Task
Return every entry below exactly as written, minus the pictures.
┌─ Study material
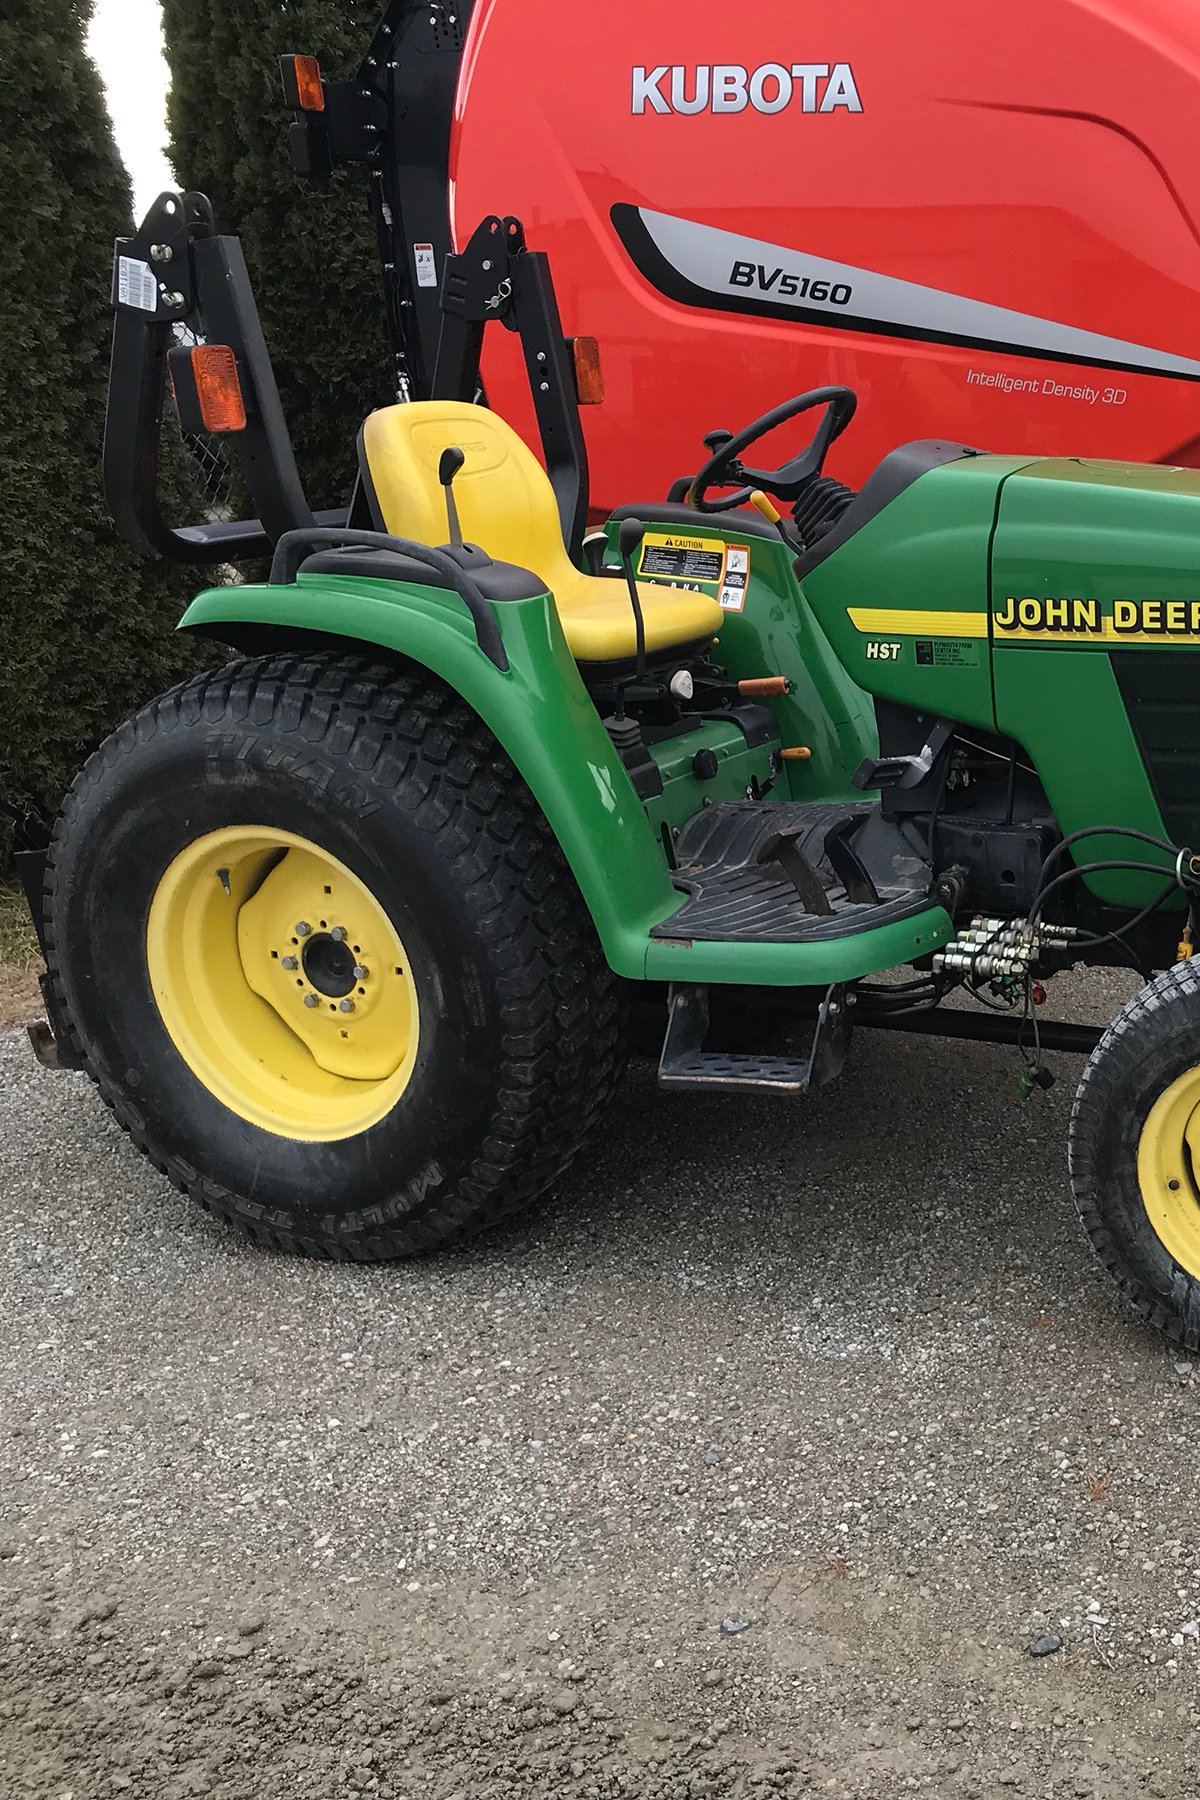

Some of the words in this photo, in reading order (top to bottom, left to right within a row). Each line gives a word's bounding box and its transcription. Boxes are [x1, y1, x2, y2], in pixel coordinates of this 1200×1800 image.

[631, 62, 864, 116] KUBOTA
[728, 261, 853, 306] BV5160
[966, 368, 1040, 397] Intelligent
[1043, 378, 1100, 406] Density
[1102, 388, 1127, 406] 3D
[674, 539, 703, 550] CAUTION
[995, 597, 1104, 633] JOHN
[866, 641, 902, 661] HST
[202, 733, 384, 819] TITAN
[320, 1160, 446, 1233] MULTI
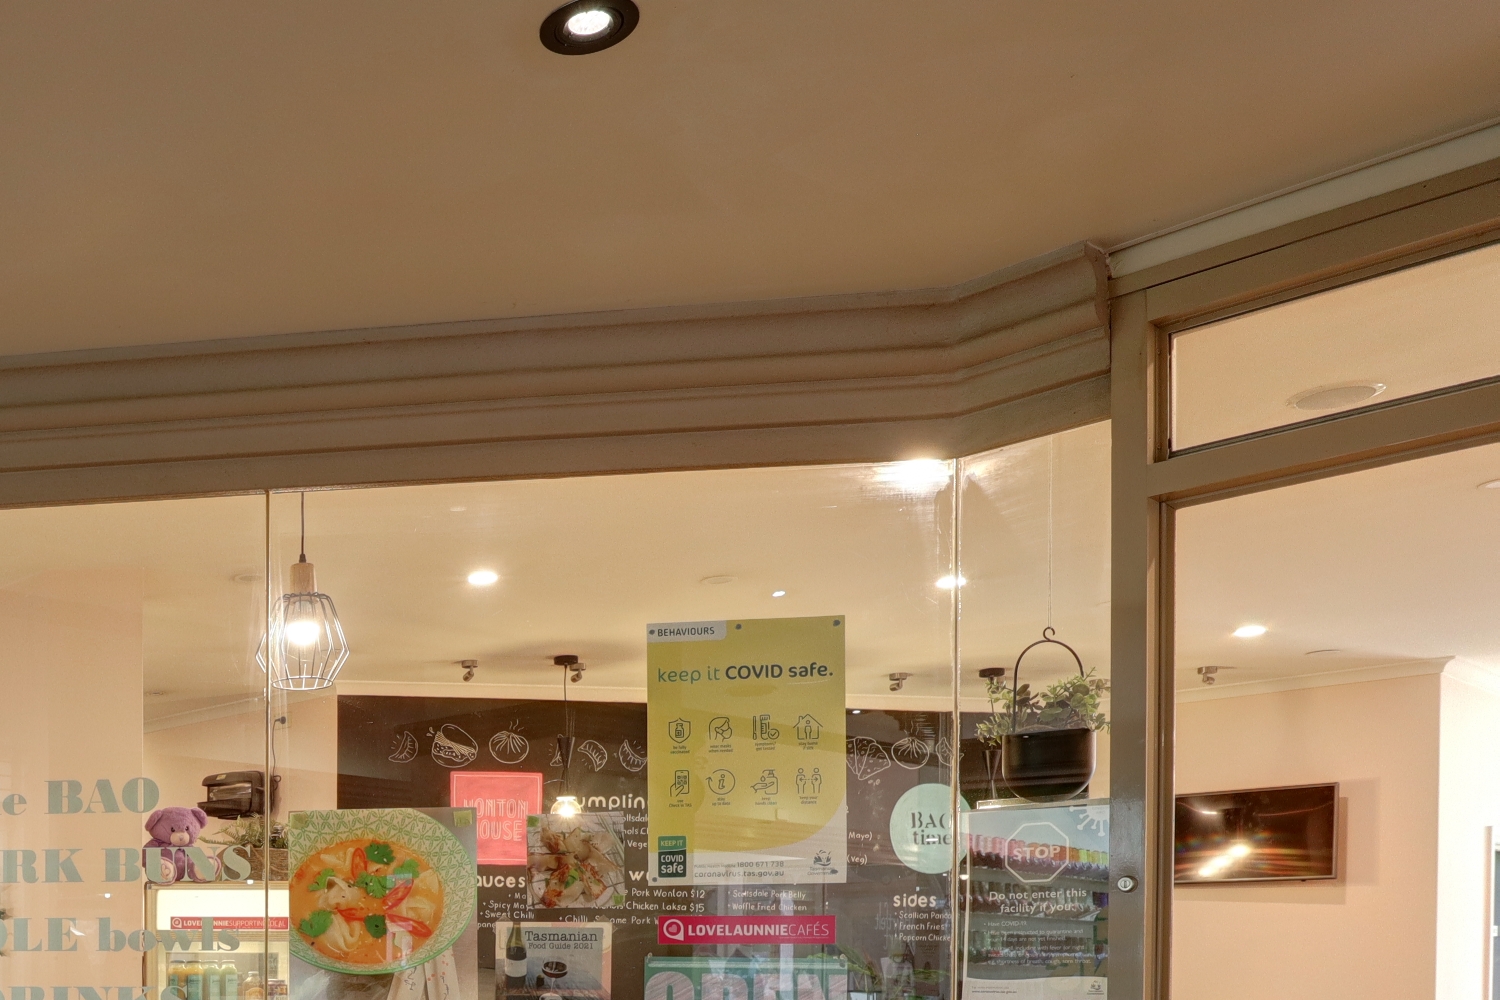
└─
Finished exercise
Some of the words in this photo, in reading order (top to bottom, left to right within a row). Each line gives a word's bounding box and its transcription. Boxes are [x1, y1, x2, y2], in pixel coordinates of this 1200×1800 image.

[631, 62, 864, 116] KUBOTA
[728, 261, 853, 306] BV5160
[966, 368, 1040, 397] Intelligent
[1043, 378, 1100, 406] Density
[1102, 388, 1127, 406] 3D
[674, 539, 703, 550] CAUTION
[995, 597, 1104, 633] JOHN
[866, 641, 902, 661] HST
[202, 733, 384, 819] TITAN
[320, 1160, 446, 1233] MULTI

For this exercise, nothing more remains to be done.